» **TASK ITEM**:
Could you output each line below exactly as it appears, excluding any pictures?

(MATERIAL FOR THIS EXERCISE Opens)

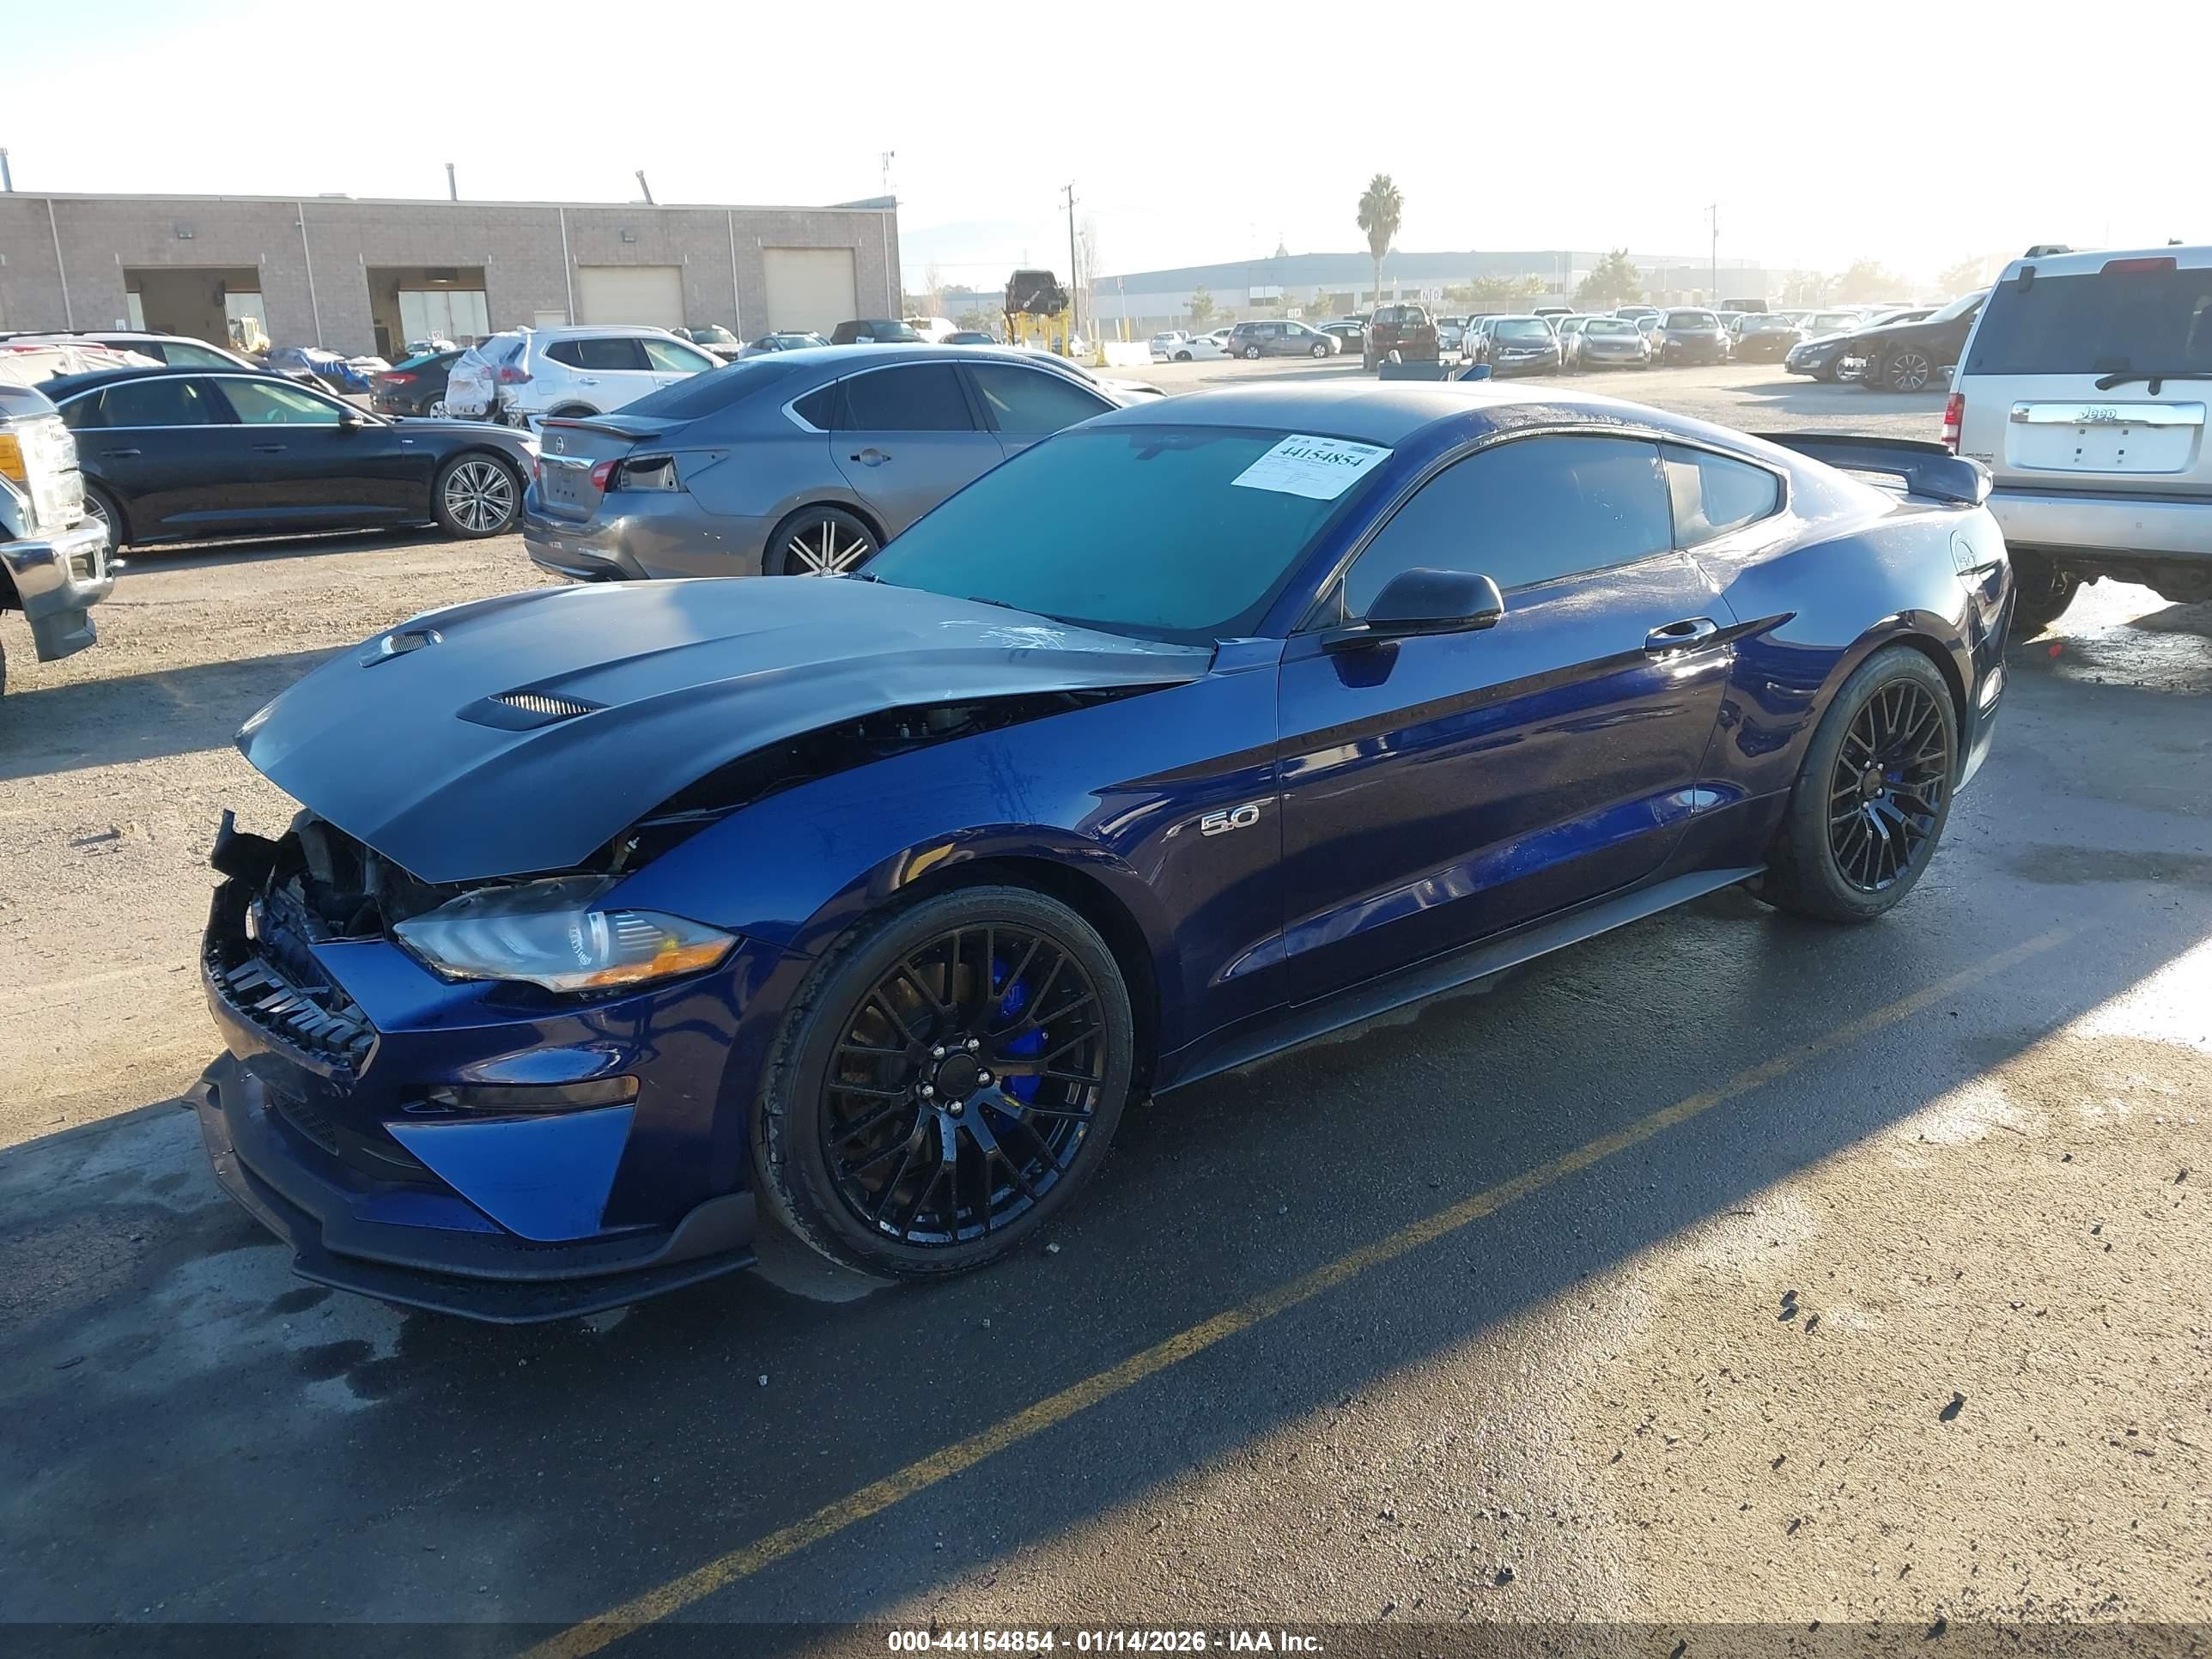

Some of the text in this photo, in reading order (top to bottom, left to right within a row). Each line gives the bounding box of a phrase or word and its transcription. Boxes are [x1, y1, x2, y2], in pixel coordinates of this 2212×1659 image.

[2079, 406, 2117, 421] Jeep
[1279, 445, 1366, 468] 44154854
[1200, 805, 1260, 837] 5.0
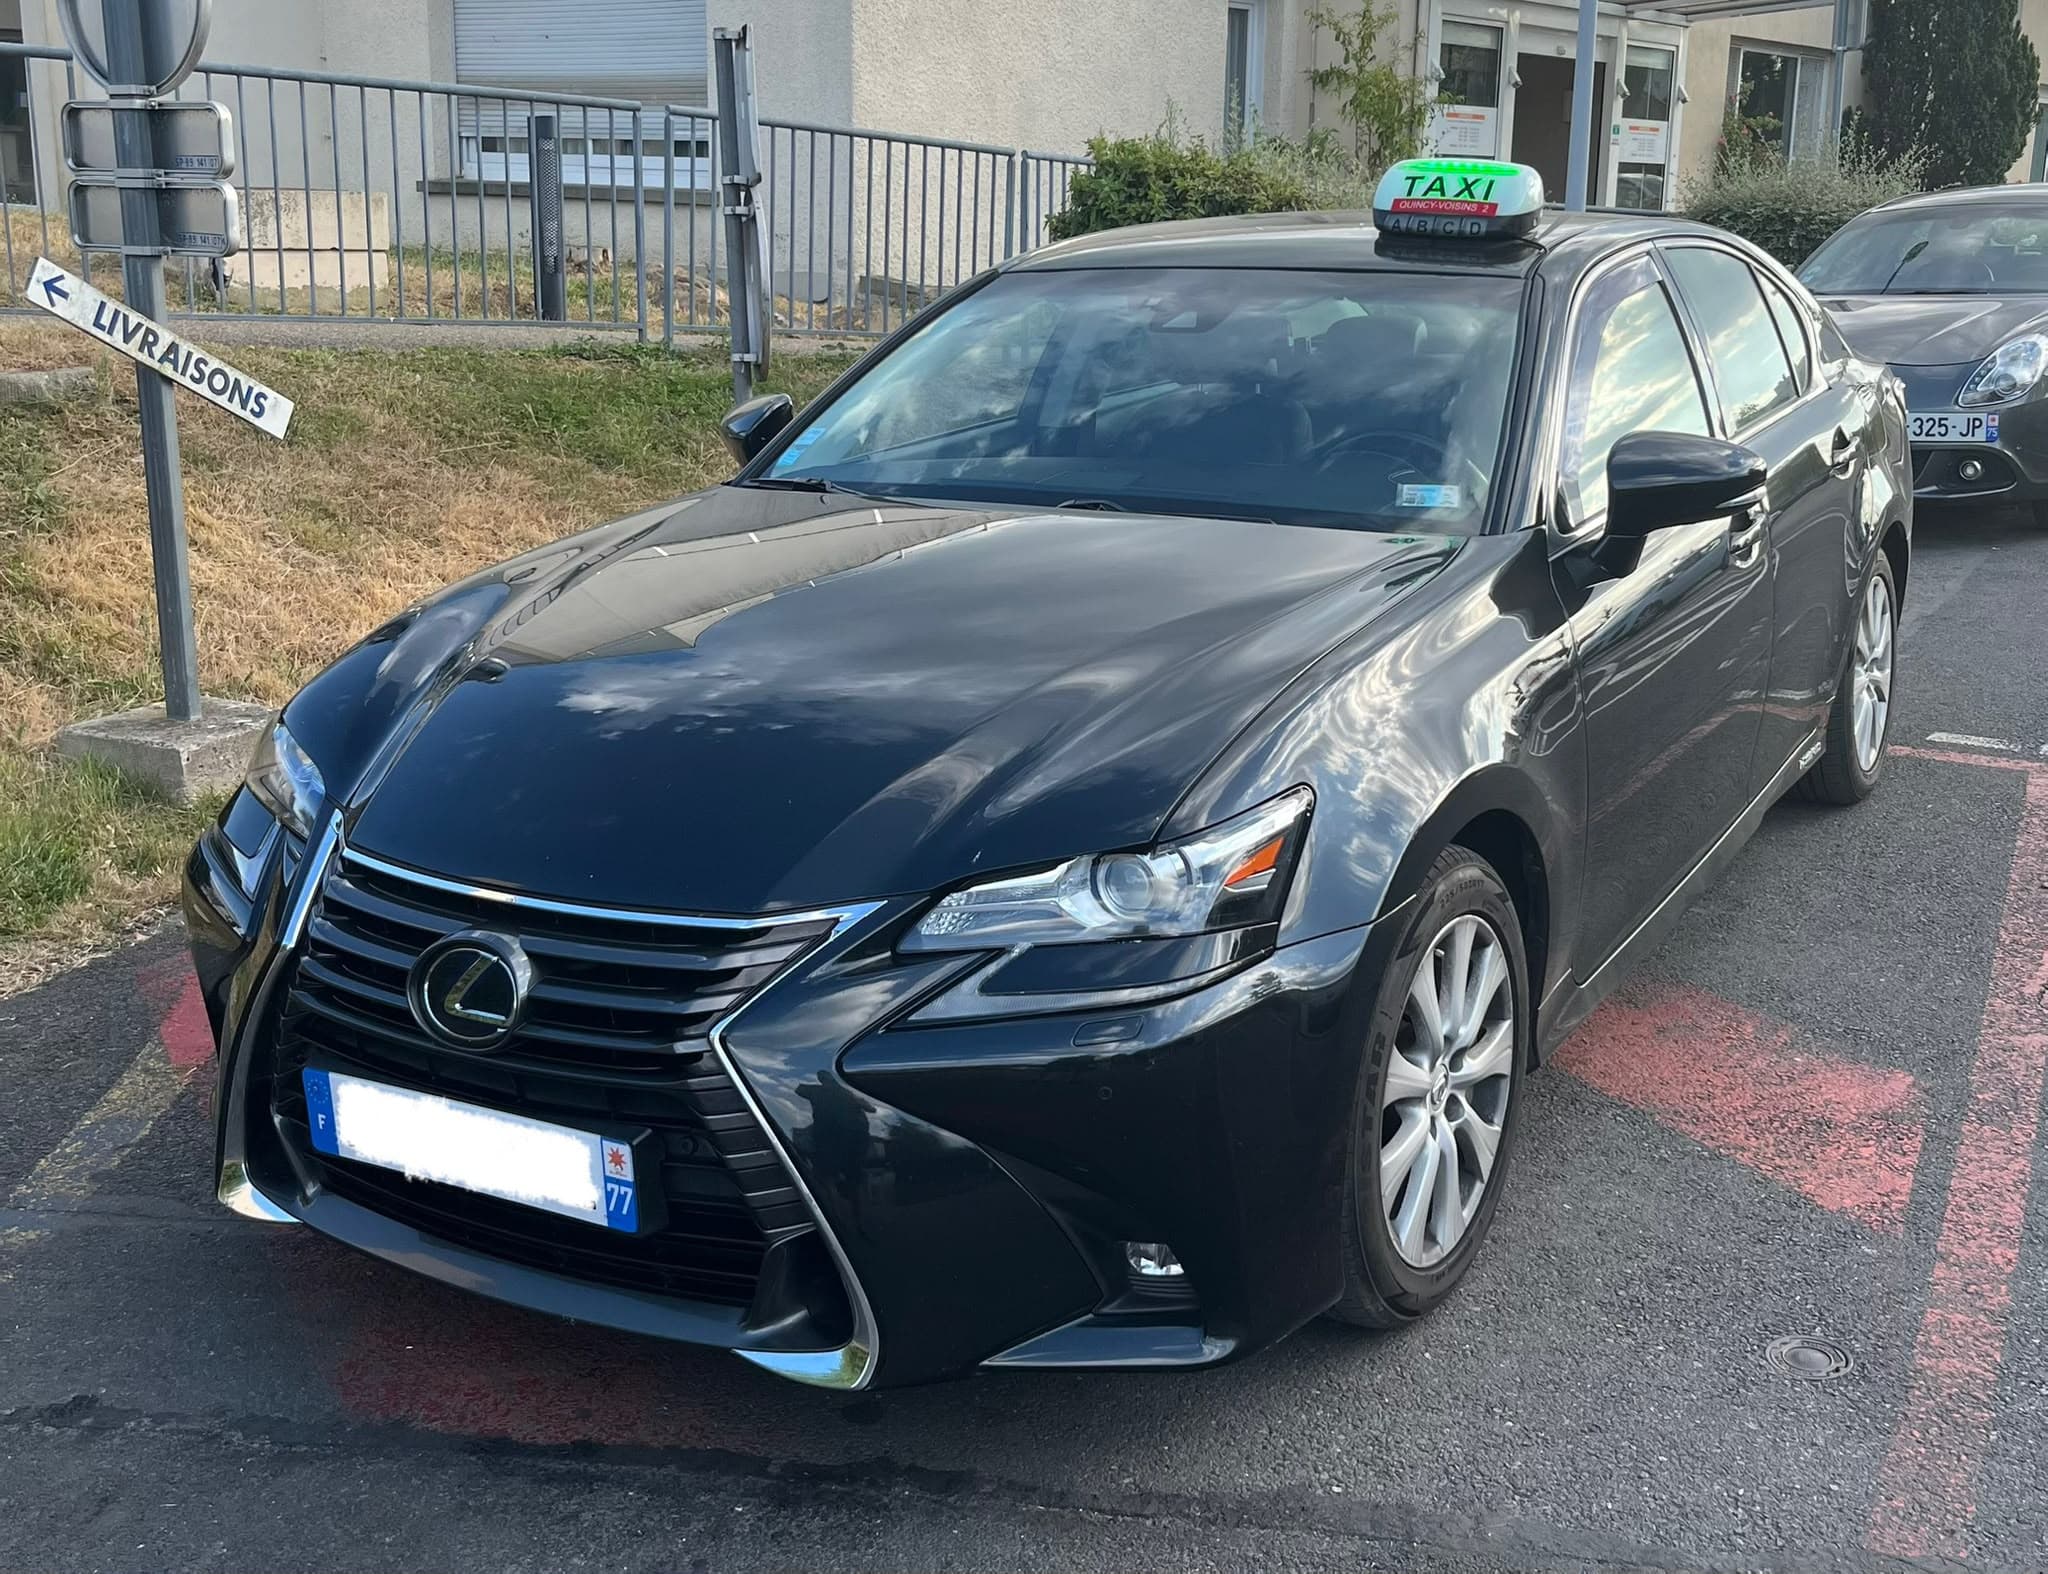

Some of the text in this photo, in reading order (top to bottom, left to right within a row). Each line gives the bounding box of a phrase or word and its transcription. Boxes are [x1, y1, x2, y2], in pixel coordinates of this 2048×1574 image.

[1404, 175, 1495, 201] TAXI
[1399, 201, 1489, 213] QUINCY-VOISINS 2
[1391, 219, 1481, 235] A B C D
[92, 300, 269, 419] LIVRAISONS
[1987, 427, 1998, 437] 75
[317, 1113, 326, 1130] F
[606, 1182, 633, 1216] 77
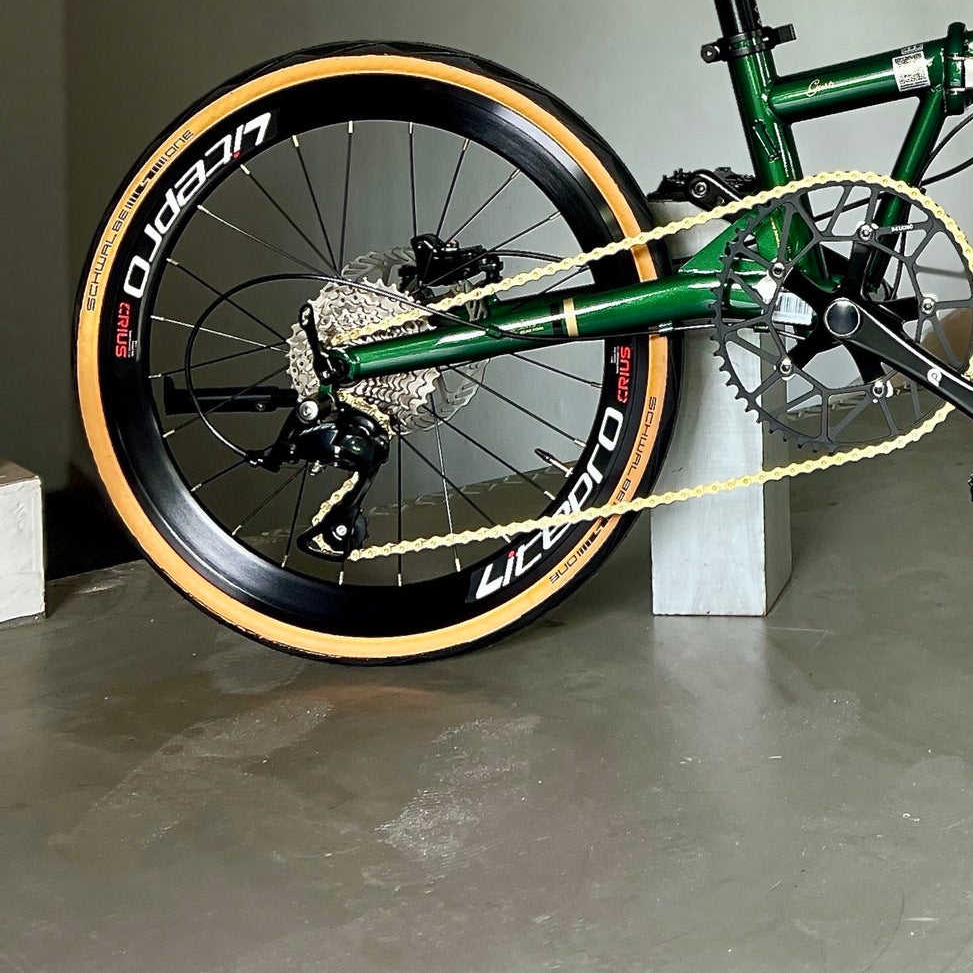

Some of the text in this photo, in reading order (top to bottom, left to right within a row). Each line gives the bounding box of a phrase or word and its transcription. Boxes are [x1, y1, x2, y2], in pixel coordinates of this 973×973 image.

(MATERIAL FOR THIS EXERCISE Closes)

» **RESULT OF THIS TASK**:
Some of the text in this photo, in reading order (top to bottom, left to right within a row). Each line gives the bounding box of a phrase or word and its transcription. Boxes are [x1, y1, x2, y2], in pixel coordinates of this 2212×1659 image.

[2079, 406, 2117, 421] Jeep
[1279, 445, 1366, 468] 44154854
[1200, 805, 1260, 837] 5.0

Some of the text in this photo, in reading order (top to bottom, left to right within a row). Each line gives the bounding box of a phrase or word and its transcription. Boxes are [x1, y1, x2, y2], in pixel coordinates of this 2048×1574 image.

[1404, 175, 1495, 201] TAXI
[1399, 201, 1489, 213] QUINCY-VOISINS 2
[1391, 219, 1481, 235] A B C D
[92, 300, 269, 419] LIVRAISONS
[1987, 427, 1998, 437] 75
[317, 1113, 326, 1130] F
[606, 1182, 633, 1216] 77

Some of the text in this photo, in reading order (top to bottom, left to right within a row). Each line gives the bounding box of a phrase or word and its transcription. Boxes are [x1, y1, x2, y2], in pixel coordinates of this 973×973 image.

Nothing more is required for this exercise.